Rationalisation of Reporting Requirements:

Banks, including LABs, are no longer required to report details of opening of a new place of business including Mobile branch/Mobile ATMs/ call centres, closure, merger, shifting or conversion of any existing place of business including call centres to the Regional Office concerned of DBS/DBR CO. They may, however, ensure to continue submitting within fourteen days of every quarter, information relating to opening, closure, merger, shifting and conversion of branches in Proformae I & II to Department of Statistics and Information Management, Banking Statistics Division, (DSIM), Mumbai. Further, the annual report of branches actually opened during the year, may now be submitted in the revised format. All other instructions remain unchanged. (https://rbi.org.in/Scripts//en/web/rbi/-/notifications/section-23-of-the-banking-regulation-act-1949-relaxations-in-branch-authorisation-policy-9974)

Third Bi-monthly Monetary Policy Statement, 2015-16

The Reserve Bank, on August 4, 2015 announced the Third Bi-monthly Monetary Policy Review, 2015-16. On the basis of an assessment of the current and evolving macroeconomic situation, the Reserve Bank decided to:

  • keep the policy repo rate under the liquidity adjustment facility (LAF) unchanged at 7.25 per cent;

  • keep the cash reserve ratio (CRR) of scheduled banks unchanged at 4.0 per cent of net demand and time liability (NDTL);

  • continue to provide liquidity under overnight repos at 0.25 per cent of bank-wise NDTL at the LAF repo rate and liquidity under 14-day term repos as well as longer term repos of up to 0.75 per cent of NDTL of the banking system through auctions; and

  • continue with daily variable rate repos and reverse repos to smooth liquidity.

Consequently, the reverse repo rate under the LAF remained unchanged at 6.25 per cent, and the marginal standing facility (MSF) rate and the Bank Rate at 8.25 per cent.
(/en/web/rbi/-/press-releases/third-bi-monthly-monetary-policy-statement-2015-16-34614)

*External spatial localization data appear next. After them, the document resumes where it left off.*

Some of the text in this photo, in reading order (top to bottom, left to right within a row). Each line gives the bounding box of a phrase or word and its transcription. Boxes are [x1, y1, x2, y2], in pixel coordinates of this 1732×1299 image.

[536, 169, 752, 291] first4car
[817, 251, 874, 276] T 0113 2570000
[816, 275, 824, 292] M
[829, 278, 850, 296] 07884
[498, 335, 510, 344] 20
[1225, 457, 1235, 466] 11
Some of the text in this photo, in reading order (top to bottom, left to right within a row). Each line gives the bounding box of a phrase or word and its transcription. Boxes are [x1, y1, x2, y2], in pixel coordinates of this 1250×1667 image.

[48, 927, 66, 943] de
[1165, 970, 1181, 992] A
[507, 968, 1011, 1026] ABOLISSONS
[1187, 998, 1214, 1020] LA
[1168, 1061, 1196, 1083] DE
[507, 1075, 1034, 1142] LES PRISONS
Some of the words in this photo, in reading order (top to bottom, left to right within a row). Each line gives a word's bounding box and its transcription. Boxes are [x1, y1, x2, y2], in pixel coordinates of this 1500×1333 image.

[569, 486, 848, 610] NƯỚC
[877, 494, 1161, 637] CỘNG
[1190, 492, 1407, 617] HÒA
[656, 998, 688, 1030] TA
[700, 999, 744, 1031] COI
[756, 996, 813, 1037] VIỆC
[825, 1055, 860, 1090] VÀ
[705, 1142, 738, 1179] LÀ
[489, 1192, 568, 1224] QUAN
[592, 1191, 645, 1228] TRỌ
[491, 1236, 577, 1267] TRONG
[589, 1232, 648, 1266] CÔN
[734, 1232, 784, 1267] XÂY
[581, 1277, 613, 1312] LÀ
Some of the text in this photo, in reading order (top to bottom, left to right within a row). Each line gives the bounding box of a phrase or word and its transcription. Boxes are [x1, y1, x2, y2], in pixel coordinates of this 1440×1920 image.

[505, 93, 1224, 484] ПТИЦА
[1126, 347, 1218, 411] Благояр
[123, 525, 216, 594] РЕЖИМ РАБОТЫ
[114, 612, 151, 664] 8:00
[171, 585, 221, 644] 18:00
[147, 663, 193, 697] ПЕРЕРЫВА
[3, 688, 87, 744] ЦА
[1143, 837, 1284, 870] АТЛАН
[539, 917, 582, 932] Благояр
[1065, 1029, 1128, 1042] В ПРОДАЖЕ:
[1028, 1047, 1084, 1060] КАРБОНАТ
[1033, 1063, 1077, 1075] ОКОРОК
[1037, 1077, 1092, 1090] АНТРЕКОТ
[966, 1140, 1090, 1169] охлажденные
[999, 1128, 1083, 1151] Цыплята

Financial Inclusion and Development

Operationalisation of NRLM Scheme

The Reserve Bank issued consolidated instructions to scheduled commercial banks about operationalisation of the Government of India’s National Rural Livelihoods Mission (NRLM) Scheme. The Scheme replaces the Swarnajayanti Gram Swarozgar Yojana (SGSY). The salient features are:

Role of Banks:

The role of banks would commence with opening of accounts for all the women self help groups (SHGs), SHGs with members of disability and the Federations of the SHGs. The ‘Know Your Customer’ (KYC) norms as specified from time to time by the Reserve Bank are applicable for identification of the customers.

Lending Norms:

The Reserve Bank’s instructions on NRLM scheme with regard to lending norms primarily relate to (i)eligibility criteria,(ii) loan amount, (iii) type of facility and repayment, (iv) repayment schedule, (v) security and margin and (vi) Defaults:

Credit Target Planning:

Based on the Potential Linked Plan/State Focus Paper prepared by NABARD, State Level Bankers Committee (SLBC) sub-committee may arrive at the district-wise, block-wise and branch-wise credit plan. The sub- committee has to consider the existing SHGs, new SHGs proposed, and number of SHGs eligible for fresh and repeat loans as suggested by the State Rural Livelihood Mission (SRLMs) to arrive at the credit targets for the states. The targets so decided should be approved in the SLBC and should be reviewed and monitored periodically for effective implementation.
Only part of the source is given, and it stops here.